Par ailleurs, si ces réseaux de la société civile marquent une spécificité franco-allemande, ils se sont élargis depuis longtemps à l’échelle européenne. Souvent les réalisations franco-allemandes ont été exemplaires et ont été repris par d’autres pays partenaires ou à l’échelle européenne. A titre d’exemple, il y a aujourd’hui en Europe 20.000 jumelages, les communes françaises réalisant à eux seuls 6.000 partenariats européens, tout comme les collectivités locales allemandes. Souvent, les partenariats bilatéraux s’ouvrent, comme le montre l’exemple de Ludwigsburg et de Montbéliard, qui viennent de passer tous les deux un nouveau jumelage avec la ville de Bergamo, en Italie. De même, on assiste à une prolifération de cursus intégrés universitaires avec d’autres pays européens, souvent inspirés par les réussites franco-allemandes.

Quelle est la signification de cette présence active des acteurs locaux et de la société civile ? Tout d’abord, ils ont été les premiers acteurs de la réconciliation entre Français et Allemands, ce qui a permis de changer de fond en comble leurs rapports. Ils ont ainsi contribué à changer le climat général entre nos deux pays. Sans eux, le traité de l’Élysée ouvrant un nouveau chapitre d’une coopération gouvernementale n’aurait pas été possible. Ensuite, par leurs initiatives et actions de terrain, ces réseaux ont réussi à impliquer des « citoyens de base » et donner un contenu concret à l’amitié franco-allemande comme à l’Europe. « La plus-value particulière », résume un rapport empirique sur l’impact des jumelages, « réside dans la rencontre personnelle et la découverte des conditions de vie sur place. L’expérience de l’hospitalité et de l’accueil dans un environnement inconnu est une composante centrale de l’expérience d’échange et est souvent ressentie de manière très émotionnelle. Les rencontres amènent une conscience de la vie réelle dans le pays partenaire et rendent celle-ci tangible. »[6] Aujourd’hui, les activités des réseaux citoyens, comme celle des collectivités locales et de la coopération transfrontalière, continuent à marquer les relations bilatérales tout en s’ouvrant davantage vers d’autres pays et l’Europe. C’est grâce à eux que les formules de la diversité européenne ou de l’Europe citoyenne ne restent pas des concepts abstraits mais prennent une dimension concrètement vécue par les personnes impliquées. Or, si elle ne veut pas se cantonner à une communauté d’États portée par les seuls gouvernements, l’Europe a besoin de citoyens capables de penser, et agir, en Européens. C’est dans ce sens que les réseaux citoyens transnationaux franco-allemands comme européens, constituent autant d’éléments d’une Europe citoyenne.

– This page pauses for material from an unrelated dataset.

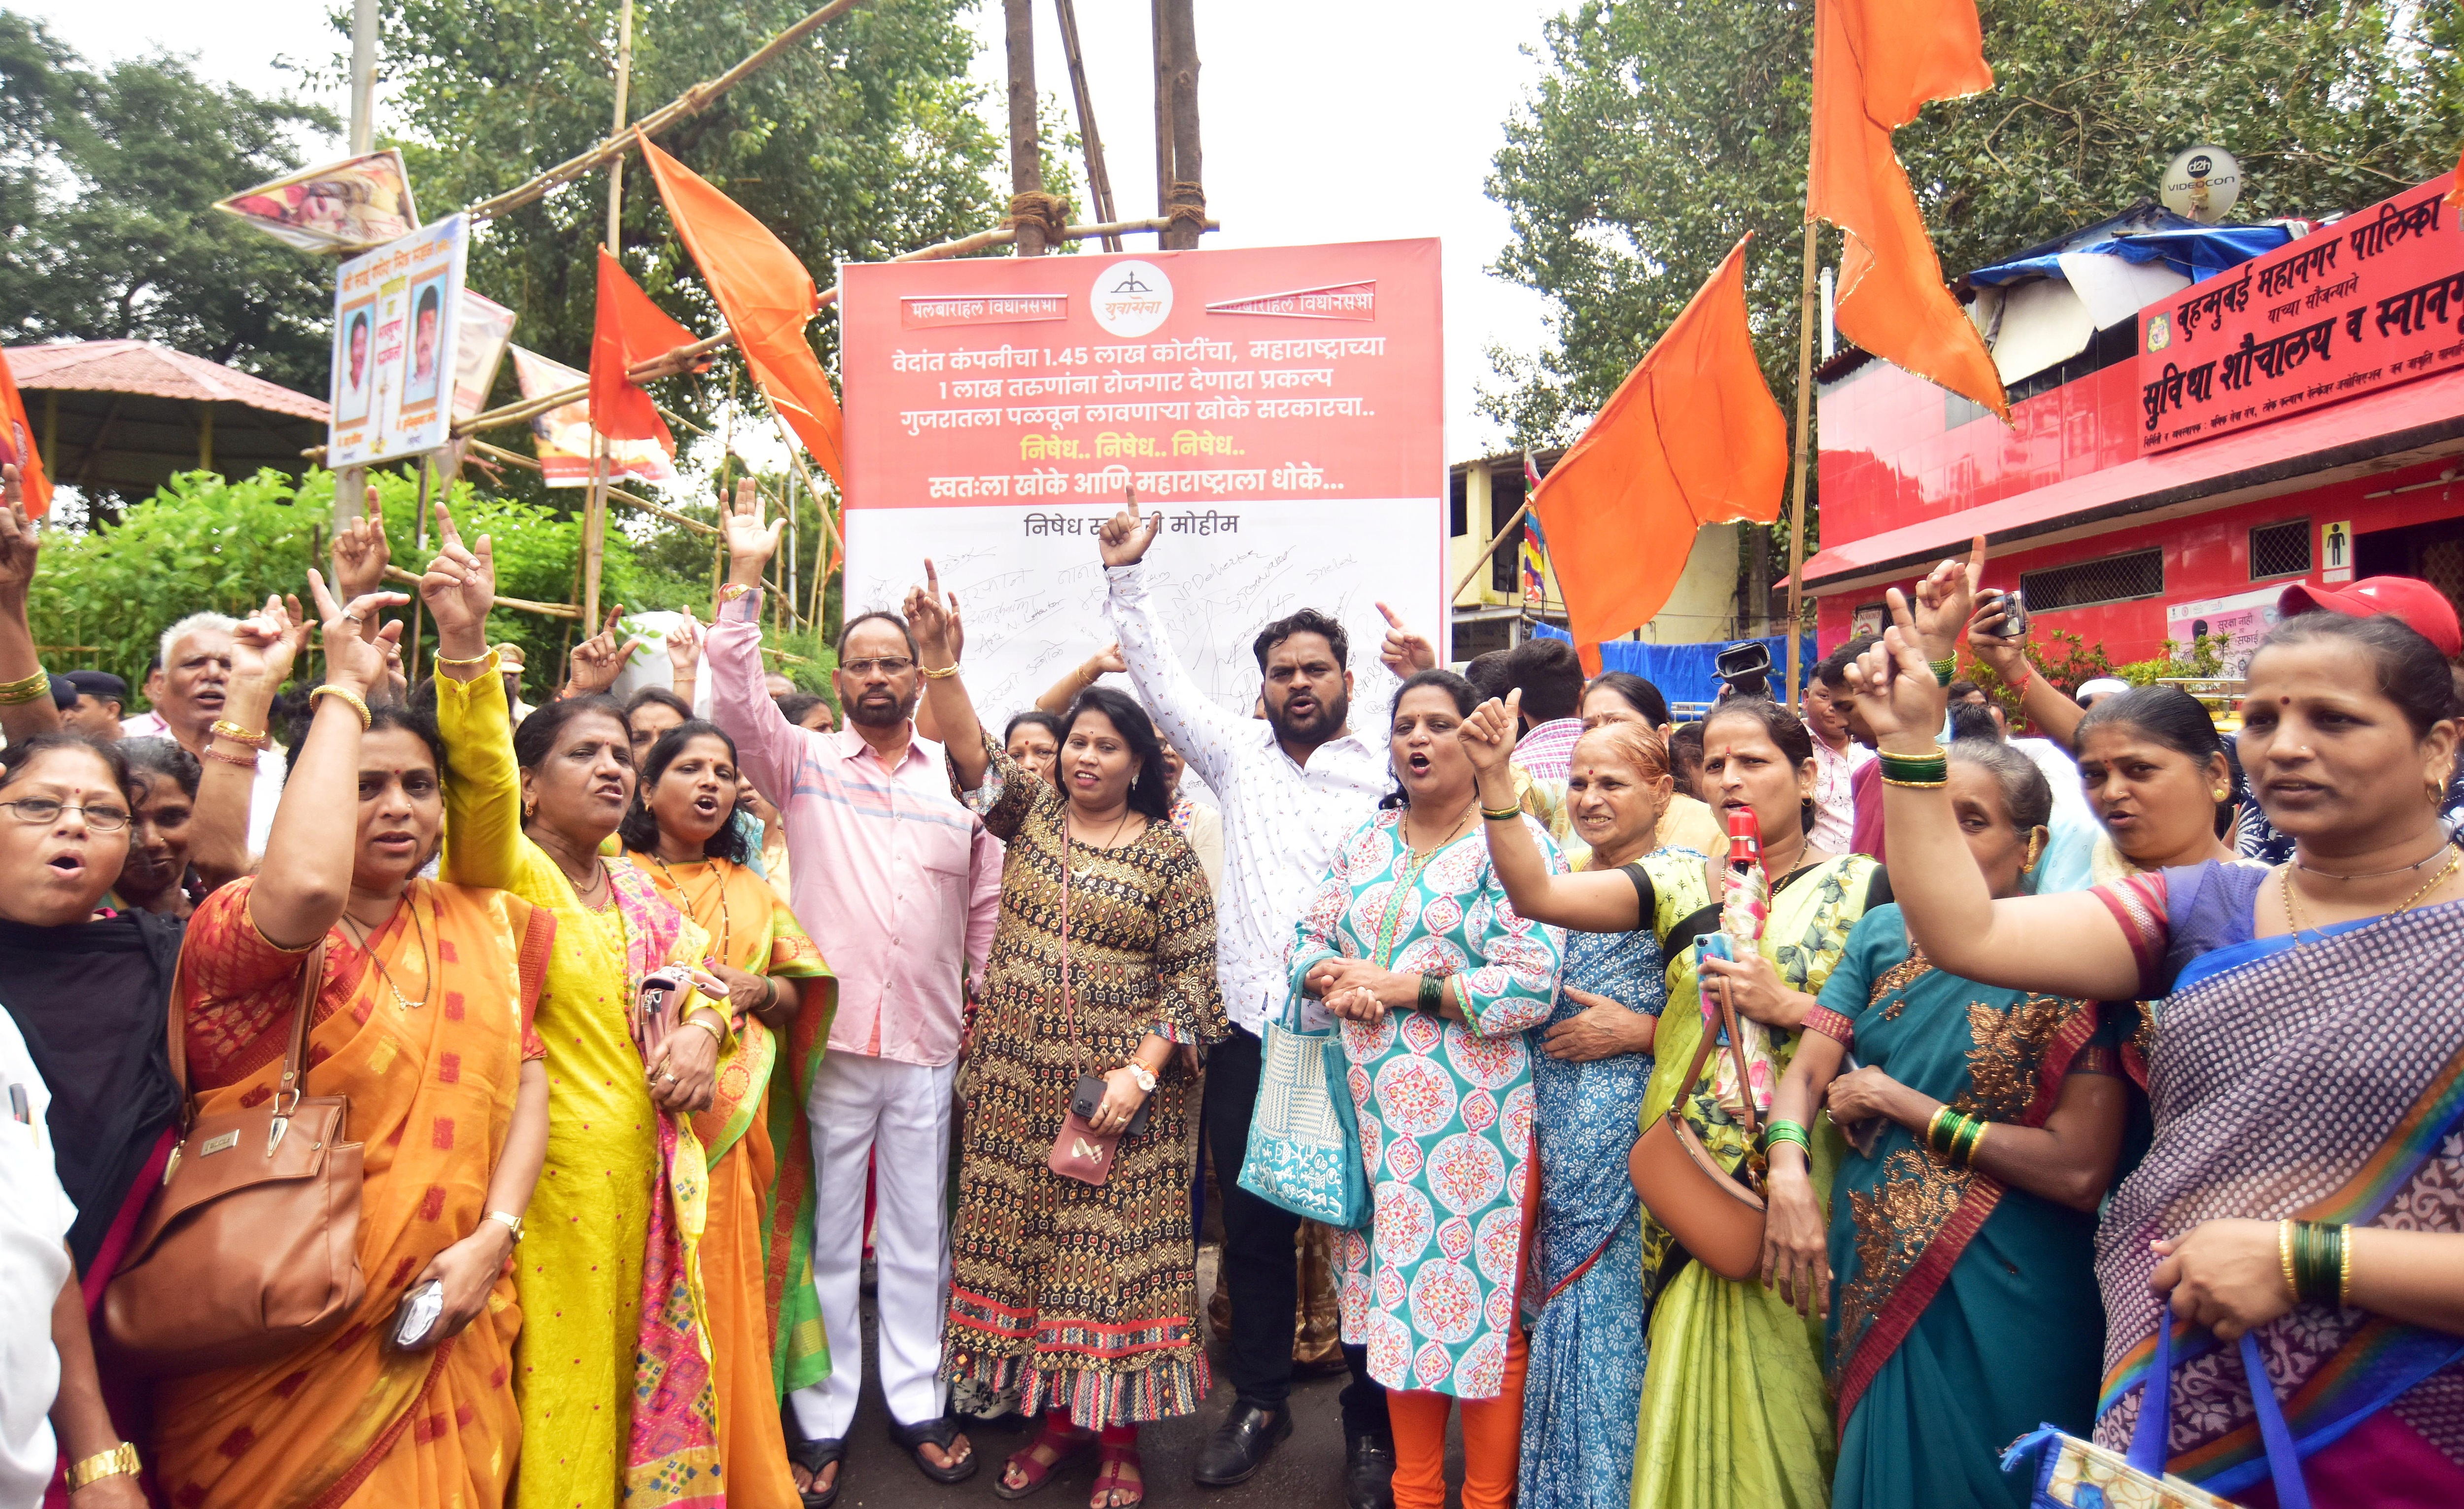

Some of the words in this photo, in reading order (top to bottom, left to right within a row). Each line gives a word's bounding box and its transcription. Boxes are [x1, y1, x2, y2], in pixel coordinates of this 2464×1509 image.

L’imbrication historique des relations bilatérales avec la construction européenne

L’émergence des nombreuses initiatives citoyennes franco-allemandes dès la fin de la guerre renvoie au deuxième pilier des relations franco-allemandes : leur étroite imbrication avec la construction européenne. Le plan Schuman exprime parfaitement ce lien. Une des premières motivations profondes de l’unification européenne a été le souci de dépasser, voire éliminer, « l’opposition séculaire de la France et de l’Allemagne » comme le formule Robert Schuman dans sa déclaration du 9 mai 1950. C’est pourquoi « l’action entreprise doit toucher en premier lieu la France et l’Allemagne. » La proposition de Robert Schuman de placer l’ensemble de la production franco-allemande du charbon et d’acier sous une Haute Autorité commune, ainsi que l’ouverture du projet à d’autres pays européens a ce double objectif : faire en sorte que « toute guerre entre la France et l’Allemagne devient non seulement impensable, mais matériellement impossible », et établir une unité de production entre les pays européens concernés qui « jettera les fondements réels de leur unification économique ».[7]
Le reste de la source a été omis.